If you are a beginner investor investing in the US stock markets, you may not have the expertise to pick individual stocks to invest in. Here is where ETFs come in. ETFs help you build a diversified portfolio in a cost-efficient manner. In this blog, we will look at the factors you need to consider when choosing an ETF.

Your investment focus

To begin with, you need to determine your investment focus. You need to decide on an asset class like shares, bonds, or commodities. This will depend on your investment objectives, risk appetite, and asset allocation. For example, if you want a US portfolio that has 70% stocks and 30% debt, you will accordingly choose equity ETFs and bond ETFs to invest in.

The underlying benchmark

ETFs track a particular index, sector, commodity, asset, or theme. Once you have decided on the asset class, you need to decide the underlying benchmark.

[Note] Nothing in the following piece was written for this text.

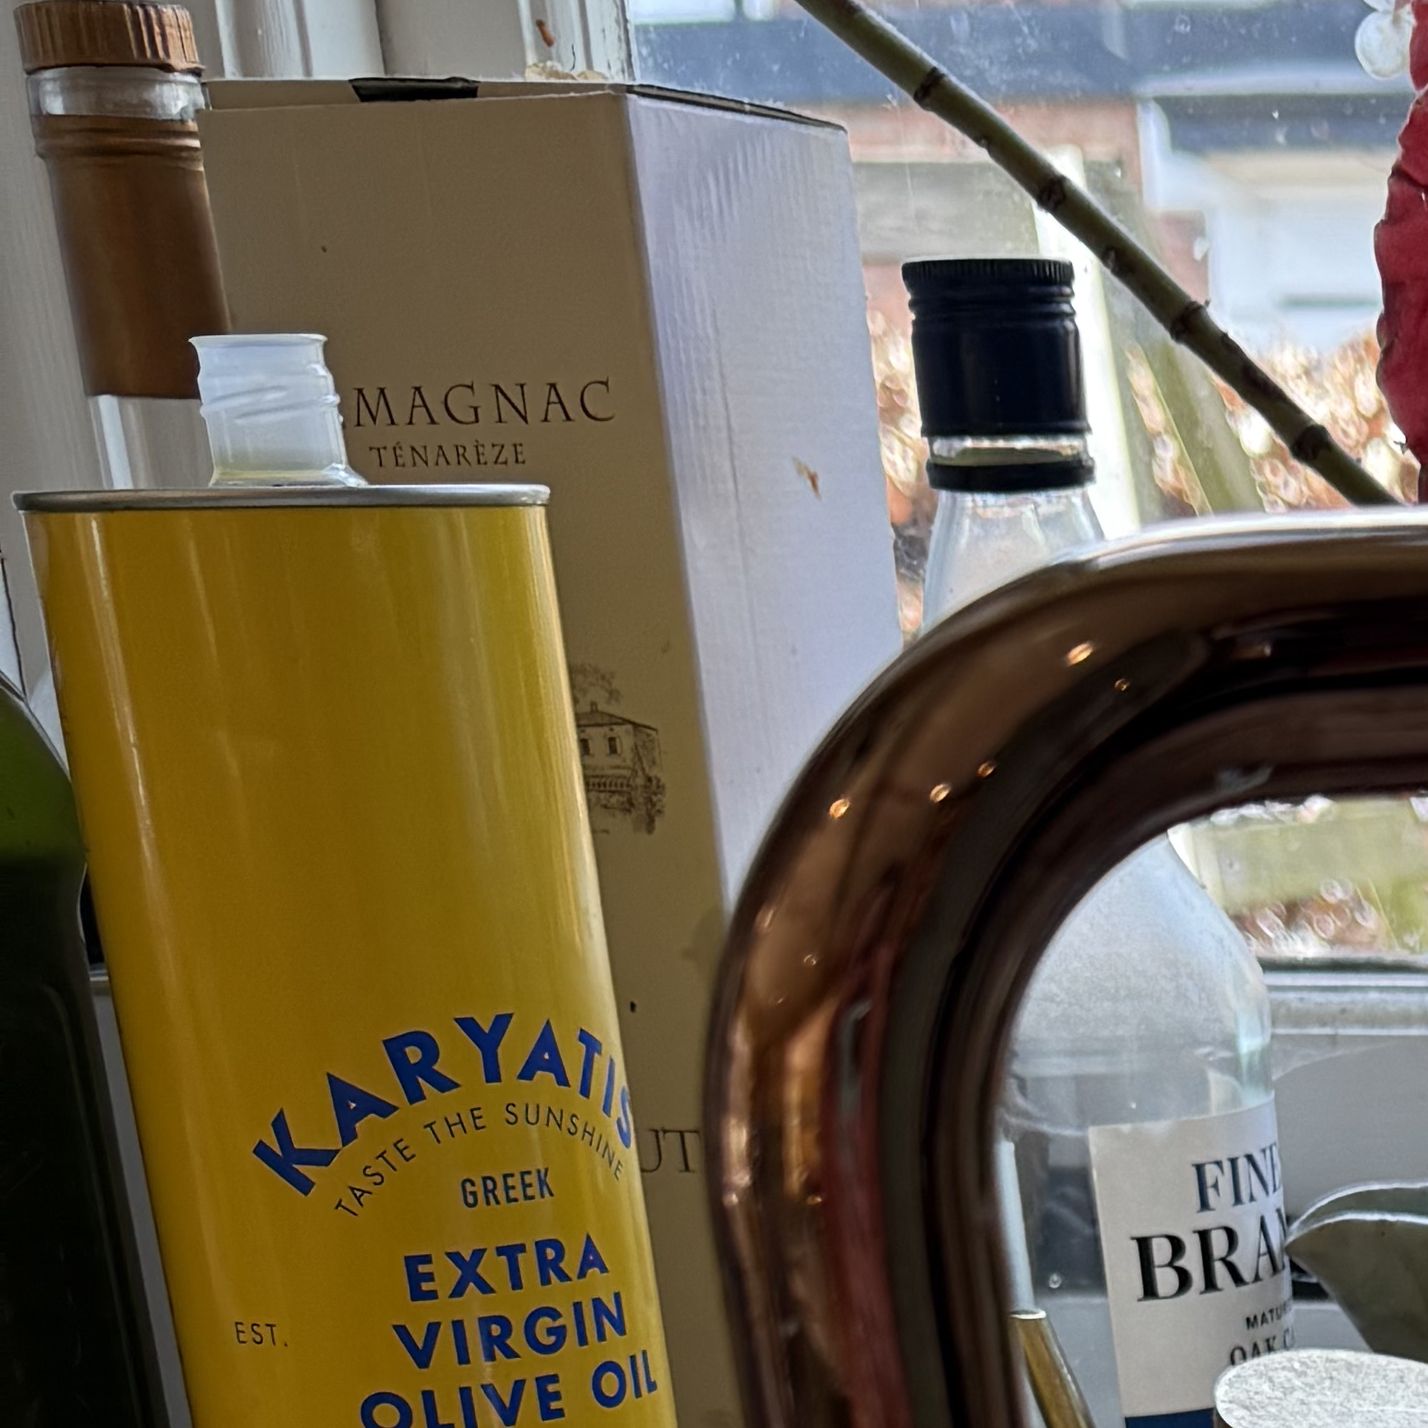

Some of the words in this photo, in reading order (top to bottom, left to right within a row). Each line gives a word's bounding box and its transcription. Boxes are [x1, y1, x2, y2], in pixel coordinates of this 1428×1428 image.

This may be based on your diversification strategy. For example, if you want to invest in equities and want exposure to stocks in the Nasdaq-100, the Invesco QQQ ETF may be for you. You may also invest in certain themes through thematic ETFs. For example, the Global X Robotics & Artificial Intelligence ETF gives you exposure to companies in the developed markets that are involved in the development of robotics and artificial intelligence. If you want to invest in leading Chinese technology companies like Tencent Holdings Ltd. and Baidu Inc., you may choose the Invesco China Technology ETF.

Trading volumes

As we have seen, unlike a mutual fund, you can trade an ETF at a stock exchange. So, it is important to check if the ETF’s volumes are sufficient on a daily basis. The higher the trading volume, the higher the liquidity. If you look at popular ETFs like the Invesco QQQ, their trading volumes would be millions of shares daily. On the other hand, an ETF that invests in small-cap stocks may have lower trading volumes. Higher liquidity means that you would not face any hurdles buying/selling those ETFs.

Cost structure

ETFs are more cost-efficient than actively managed funds. Even then, the costs may vary between different ETFs. To assess the cost of an ETF you may look at the Total Expense Ratio (TER). When comparing similar ETFs, one with a lower TER would save you fee costs. Actively managed ETFs would have a higher TER.

Tracking error

Tracking error refers to the difference between actual returns of the ETF and the returns of the underlying benchmark index it tracks. Everything else being equal, an ETF that has a lower tracking error gives a better performance. Actively managed ETFs tend to have a higher tracking error because their allocation is changing more frequently than passive ETFs. 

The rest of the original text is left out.